European honey bees have been introduced into Japan to help with pollicisation Unfortunately, a single Giant Hornet can kill 30 bees in under a minute. 30 Giant Hornets have been known to kill an entire hive of 30,000 bees in less than 3 hours.

In rural areas of Japan, Hornet nests, which are usually high up in trees, are to be avoided at all costs. They are attracted to black clothing and perfumes.

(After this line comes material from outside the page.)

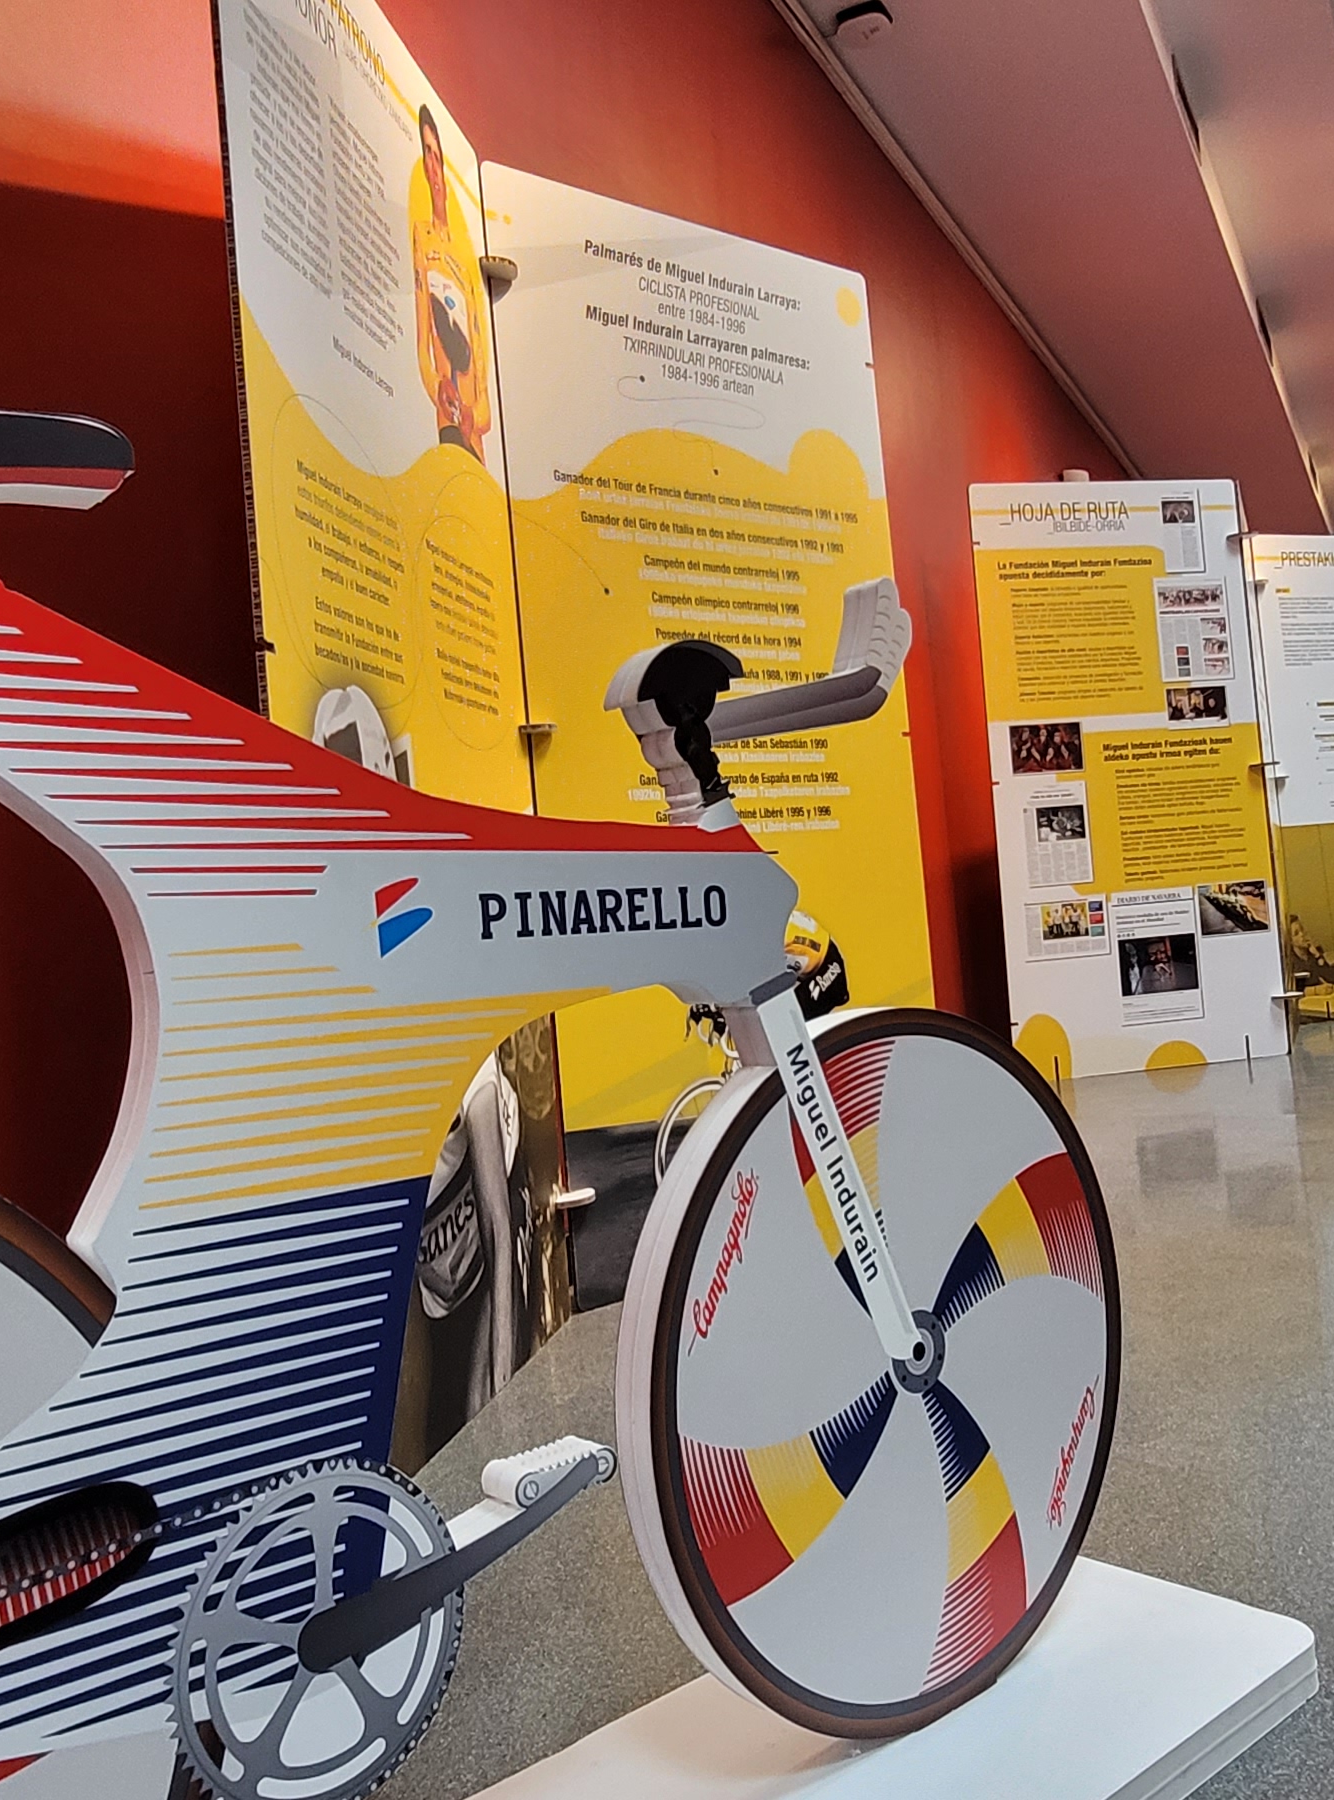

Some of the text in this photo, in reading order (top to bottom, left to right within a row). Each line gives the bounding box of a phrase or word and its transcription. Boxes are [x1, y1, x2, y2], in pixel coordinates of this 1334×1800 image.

These hornets can even spray their venom, causing temporary blindness. Very aggressive, if one hornet is agitate, it sends out a signal and over 500 hornets could go on the attack within moments.

Being stung once may require hospitalisation if an allergic reaction is encountered. The venom is injected by a 6mm long stinger, which will then rapidly progress through the blood system attacking the nervous system.

Victims will feel the sting immediately, as it is very painful. Local swelling, palpitations and sweating are all symptoms of being stung.

Breathing problems, kidney failure, and death may also follow, even if anti venom has been administered.




Electric Caterpillar

The denkimush, Japanese eclectic Caterpillar, does not actually produce any electric. The defensive chemical it releases when touched feels like being pricked with a needle with an electric charge.

Only approximately 25 mm long, not lethal, but not nice.